Войдя в дом, я спросил у дежурной: где же все художники? Она тоже была в недоумении: “Знаете, я сама удивляюсь! Такая погода, скоро обед, а никто еще не выходил!” Пошел искать по коридорам. Все комнаты открыты, но никого нет. Наконец где-то слышу голоса, как будто знакомые. Открываю дверь – густой табачный дым и запах перегара. Человек пятнадцать устало сидят за большим столом, уставленным бутылками. Бутылки на полу, на подоконниках, везде. Меня встречают вопросом: “Деньги привез? А то мы всё пропили, три дня пьем! Давай сюда, сейчас сгоняем в магазин!” Я говорю: “Ребята, такая погода, купаться можно, вы сидите!” – “Ничего, еще искупаемся, еще два месяца! Хорошо сидим, быстро давай садись, не стой на глазах!” – приказание приходит от председателя профкома. Рядом и парторг, и комсорг. “А что за повод-то, в честь чего пьем?” – “Да вот, позавчера Слава Маркин купил брусок для бритвы, вот и обмываем!” Причина веская, отказаться нельзя: коллектив родной! И все-таки было в этом кретинизме что-то ускользающее от понимания, что-то демонстративно вызывающее по отношению к общепринятым нормам правильного, здорового поведения. А может, вызов “здоровой” советской жизни.
Другой колоритный и очень характерный для брежневского времени эпизод случился со мной в той же “Хосте” в конце апреля. В Дом творчества приехал директор военного санатория “Южное взморье” с просьбой в порядке шефства прислать им художника “для консультаций”. Я подумал: почему бы не отдохнуть еще две недельки в хорошем санатории! Когда сдал все эскизы и планы, которые они просили, директор расчувствовался и говорит: “Простите, что не могу заплатить за вашу работу деньгами, но приглашаю на банкет в узком кругу”. Через пару дней на двух “газиках” поехали в горы в таком составе: сам директор, Александр Сергеевич, его “завкультурой” и “близкая подруга”, эффектная разбитная брюнетка южнорусского типа Олеся Григорьевна, ревизор из Москвы Володя, полковник-строитель Вахтанг. Как стало ясно из разговоров по дороге, вся эта затея была предпринята исключительно в честь московского ревизора, в котором директор был серьезно заинтересован и не скрывал этого. Во всяком случае, его верная подруга так и вилась вокруг этого Володи, тщедушного парня в костюме, пока что довольно молчаливого и важного.
На двух машинах мы поднимались в горы по сухому руслу речки Бзыбь.
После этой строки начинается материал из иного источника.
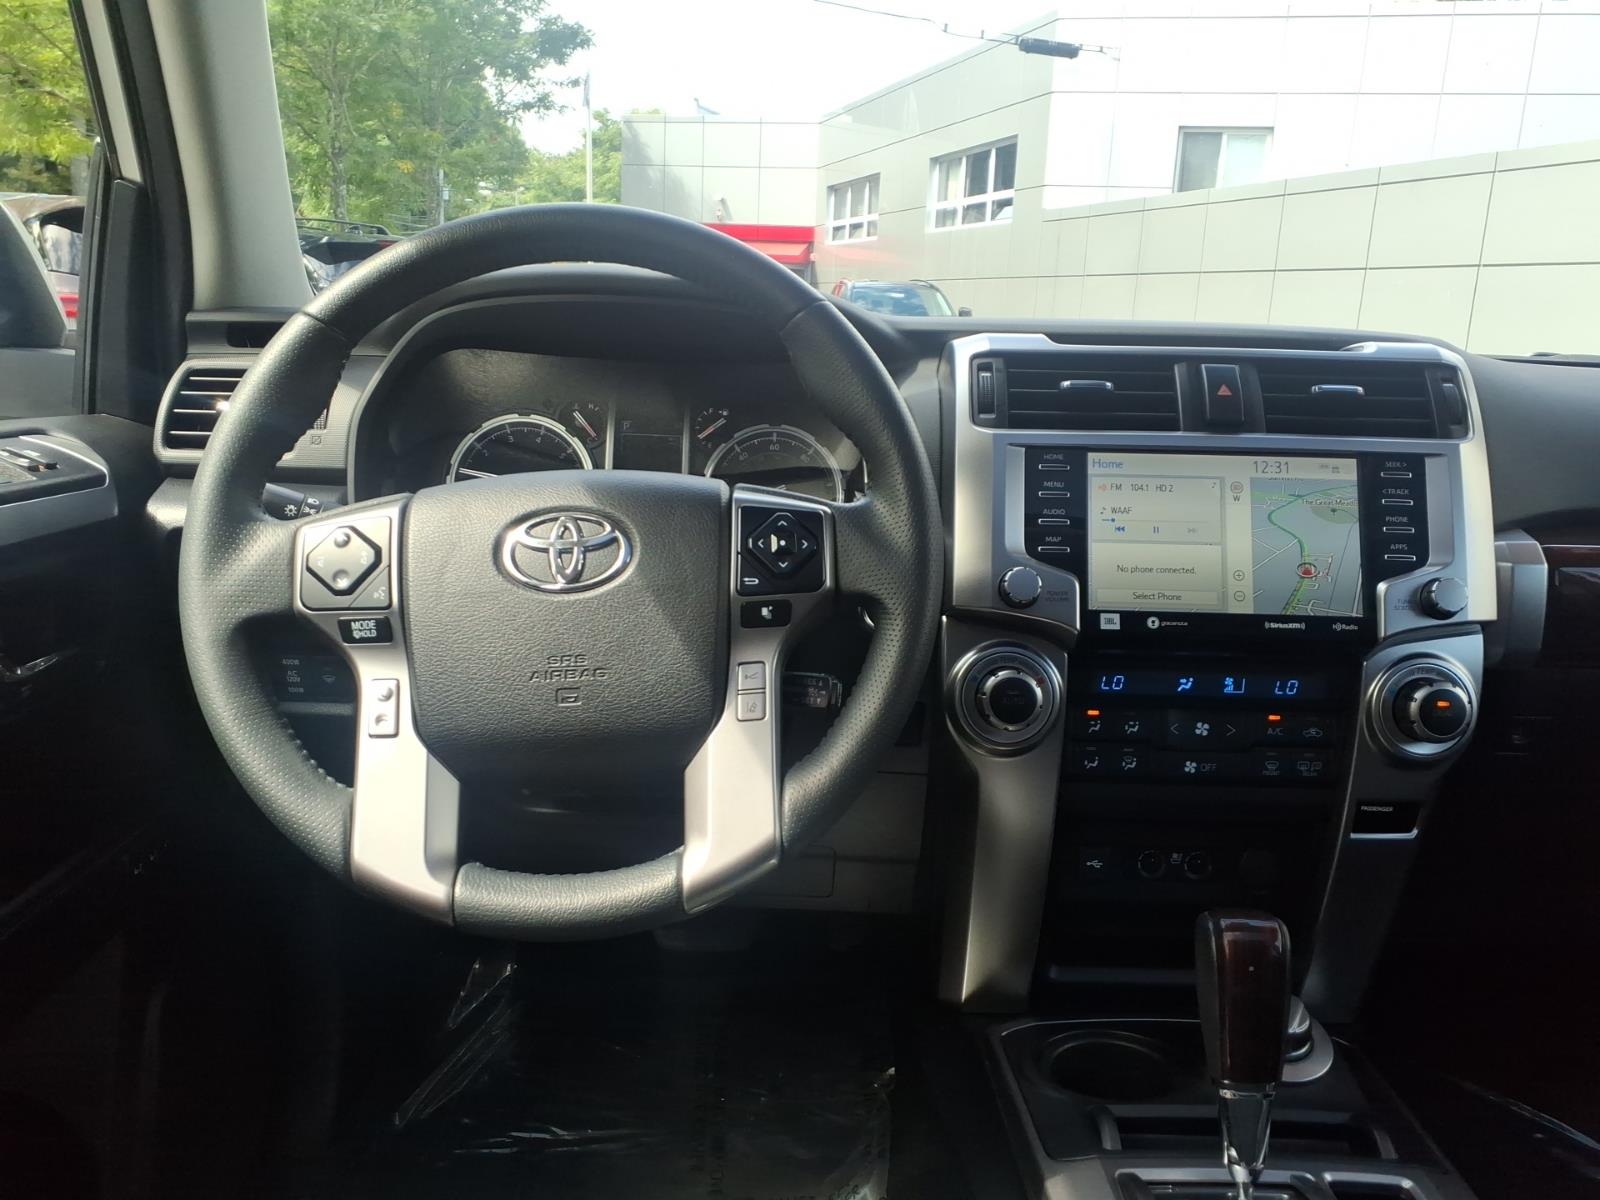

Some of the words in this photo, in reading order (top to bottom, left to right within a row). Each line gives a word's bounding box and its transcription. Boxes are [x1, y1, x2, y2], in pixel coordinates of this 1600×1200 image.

Под конец наши “газики” с трудом брали каменистые крутые подъемы. Наконец въехали в глубокое лесистое ущелье; из-за огромных деревьев не сразу разглядел некое подобие английского замка, задней стеной которого служила отвесная гранитная скала черного цвета. Внутри все было комфортабельно: кресла, диваны, зеркала. Со второго этажа, через широкие окна открывался редкой красоты вид на ущелье, лесные дали, море на горизонте.
А под окнами располагался каскад прудов, где разводили форель. В самом нижнем можно было видеть уже крупных серебристых рыб. Еще была пасека на горном склоне, большой птичник, щитовые домики обслуги, гостевые дубовые столы под крышами, беседки на выступах скал над обрывом. Какой-то сказочный, райский уголок. И все это, как сказал сам директор, он построил “самодеятельно”, без бюджета, смет и т. п. на деньги, которые сэкономил за время своей работы. “Исключительно для того, чтобы принимать здесь хороших людей”, как он нам объявил. Для этого ему и нужен был московский ревизор – посоветовать, как это богатство “легализовать”.
Из машины понесли ящики с коньяком и шампанским. Мы уселись за большим накрытым столом, под сенью высоченного старого вяза. И начался не банкет, а настоящий спектакль: хлопок директора в ладоши – челядь тащит огромный котел с ухой, разливает в такие же огромные тарелки. Тосты, здравицы в честь всех присутствующих, пьем стоя в честь единственной дамы и т. п.